● INPUT
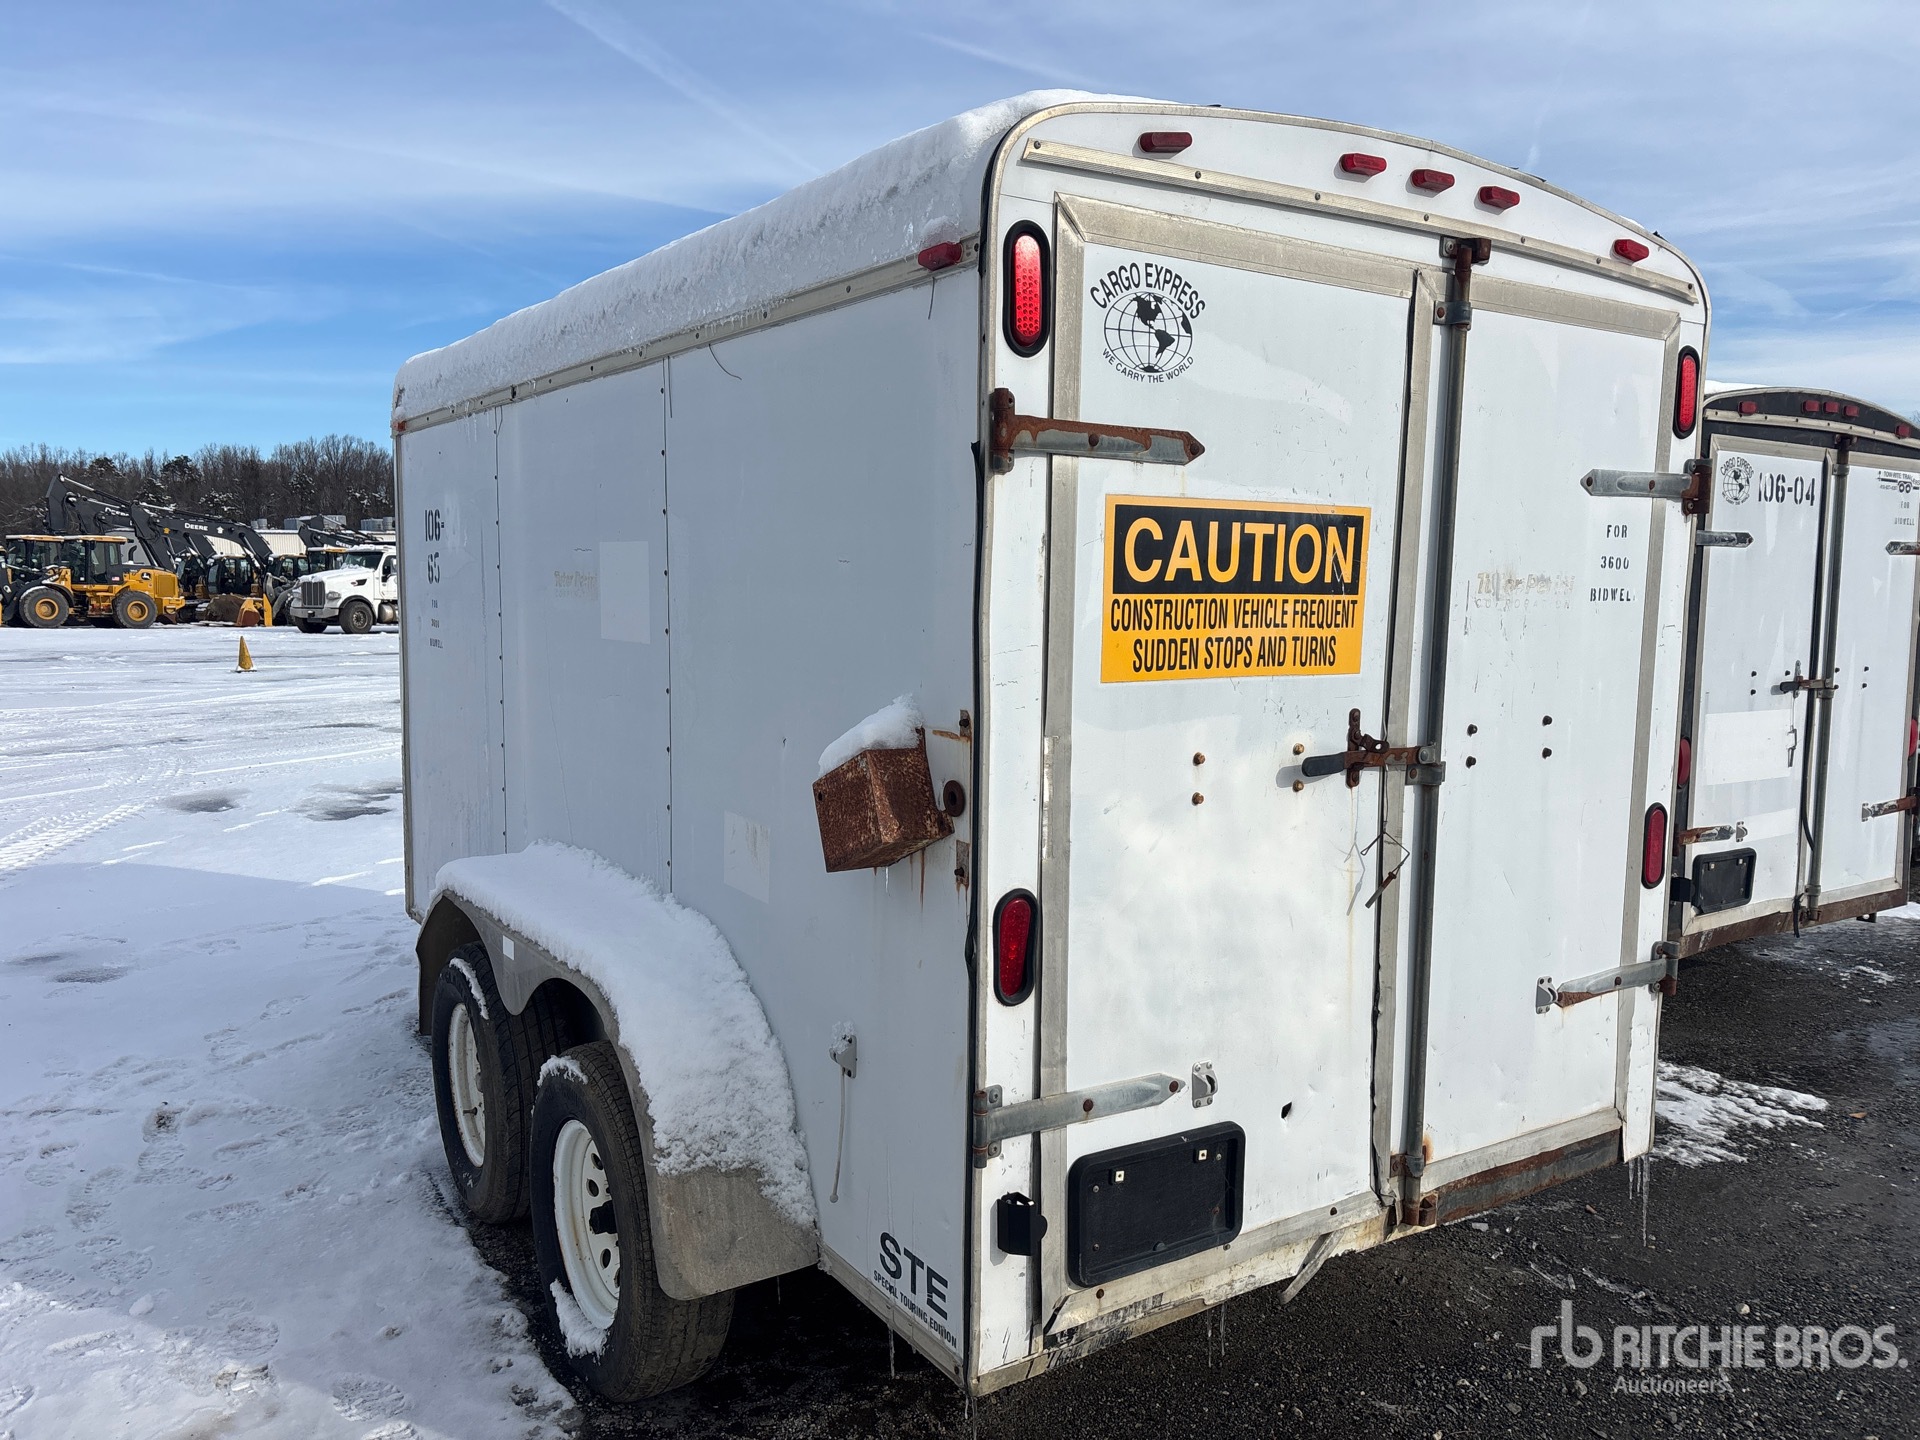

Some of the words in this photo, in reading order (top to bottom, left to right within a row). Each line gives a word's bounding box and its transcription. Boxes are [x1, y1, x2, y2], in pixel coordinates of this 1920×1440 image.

[1090, 262, 1141, 309] CARGO
[1144, 262, 1206, 319] EXPRESS
[1102, 348, 1115, 365] WE
[1115, 362, 1145, 382] CARRY
[1148, 375, 1165, 384] THE
[1165, 356, 1194, 380] WORLD
[1720, 457, 1736, 476] CARGO
[1736, 456, 1754, 479] EXPRESS
[1758, 472, 1815, 506] 106-04
[184, 523, 208, 531] DEERE
[1607, 524, 1627, 538] FOR
[1124, 517, 1355, 583] CAUTION
[1600, 556, 1629, 570] 3600
[1590, 588, 1635, 602] BIDWEL
[1111, 598, 1228, 631] CONSTRUCTION
[1233, 598, 1289, 629] VEHICLE
[1292, 599, 1358, 630] FREQUENT
[1133, 638, 1199, 672] SUDDEN
[1204, 636, 1253, 669] STOPS
[1257, 636, 1287, 667] AND
[1292, 636, 1337, 667] TURNS
[879, 1232, 948, 1321] STE
[873, 1270, 899, 1299] SPECIAL
[900, 1292, 928, 1323] TOURING
[929, 1317, 957, 1349] EDITION

● PROBLEM DESCRIPTION
Retype all of the material above exactly; the pictures stay out.

● SOLVED EXERCISE
Some of the words in this photo, in reading order (top to bottom, left to right within a row). Each line gives a word's bounding box and its transcription. Boxes are [x1, y1, x2, y2], in pixel coordinates of this 1920×1440 image.

[1090, 262, 1141, 309] CARGO
[1144, 262, 1206, 319] EXPRESS
[1102, 348, 1115, 365] WE
[1115, 362, 1145, 382] CARRY
[1148, 375, 1165, 384] THE
[1165, 356, 1194, 380] WORLD
[1720, 457, 1736, 476] CARGO
[1736, 456, 1754, 479] EXPRESS
[1758, 472, 1815, 506] 106-04
[184, 523, 208, 531] DEERE
[1607, 524, 1627, 538] FOR
[1124, 517, 1355, 583] CAUTION
[1600, 556, 1629, 570] 3600
[1590, 588, 1635, 602] BIDWEL
[1111, 598, 1228, 631] CONSTRUCTION
[1233, 598, 1289, 629] VEHICLE
[1292, 599, 1358, 630] FREQUENT
[1133, 638, 1199, 672] SUDDEN
[1204, 636, 1253, 669] STOPS
[1257, 636, 1287, 667] AND
[1292, 636, 1337, 667] TURNS
[879, 1232, 948, 1321] STE
[873, 1270, 899, 1299] SPECIAL
[900, 1292, 928, 1323] TOURING
[929, 1317, 957, 1349] EDITION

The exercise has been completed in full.